This is relating to the following: (In Python Code)
for i in object:
doSomething(i)
versus
map(doSomething, object)
>
Are you familiar with the timeit module? Below are some timings. -s performs a one-time setup, and then the command is looped and the best time recorded.
1> python -m timeit -s "L=[]; M=range(1000)" "for m in M: L.append(m*2)"
1000 loops, best of 3: 432 usec per loop
2> python -m timeit -s "M=range(1000);f=lambda x: x*2" "L=map(f,M)"
1000 loops, best of 3: 449 usec per loop
3> python -m timeit -s "M=range(1000);f=lambda x:x*2" "L=[f(m) for m in M]"
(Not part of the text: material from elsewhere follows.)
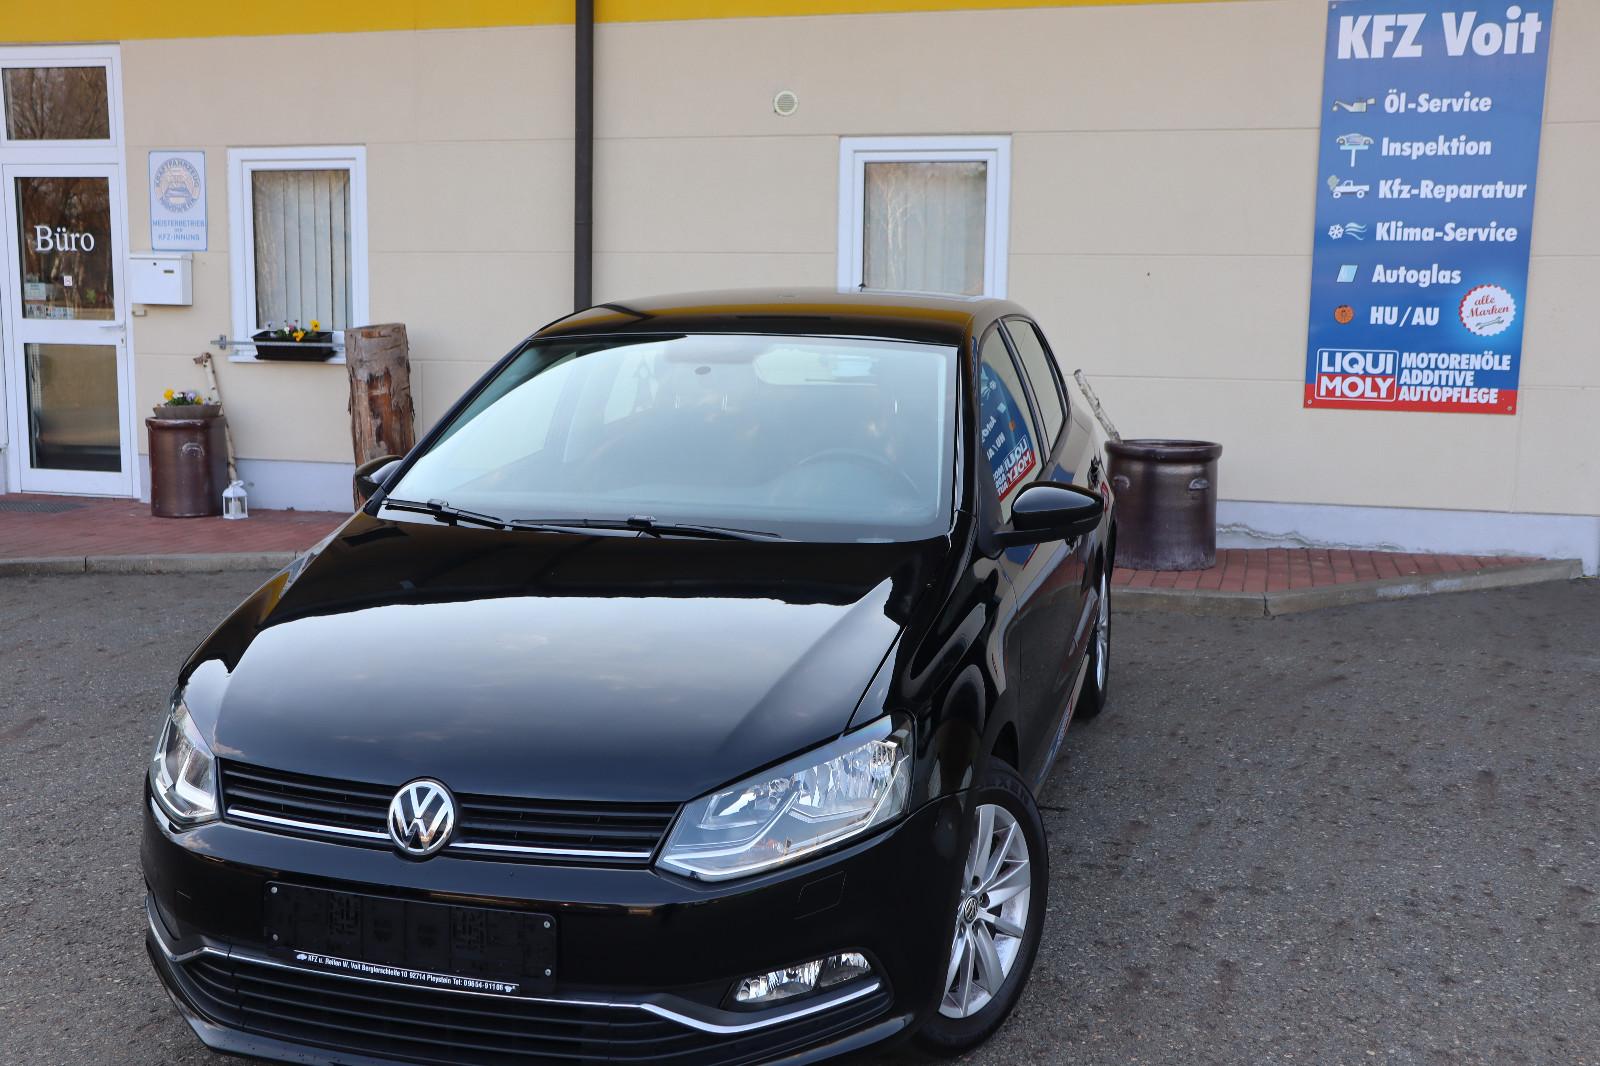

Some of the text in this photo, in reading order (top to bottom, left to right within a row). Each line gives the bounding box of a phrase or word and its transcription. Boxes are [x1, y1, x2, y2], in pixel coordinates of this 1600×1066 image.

1000 loops, best of 3: 483 usec per loop
4> python -m timeit -s "L=[]; A=L.append; M=range(1000)" "for m in M: A(m*2)"
1000 loops, best of 3: 287 usec per loop
5> python -m timeit -s "M=range(1000)" "L=[m*2 for m in M]"
1000 loops, best of 3: 174 usec per loop
Note they are all similar except for the last two. It is the function calls (L.append, or f(x)) that severely affect the timing. In #4 the L.append lookup has been done once in setup. In #5 a list comp with no function calls is used.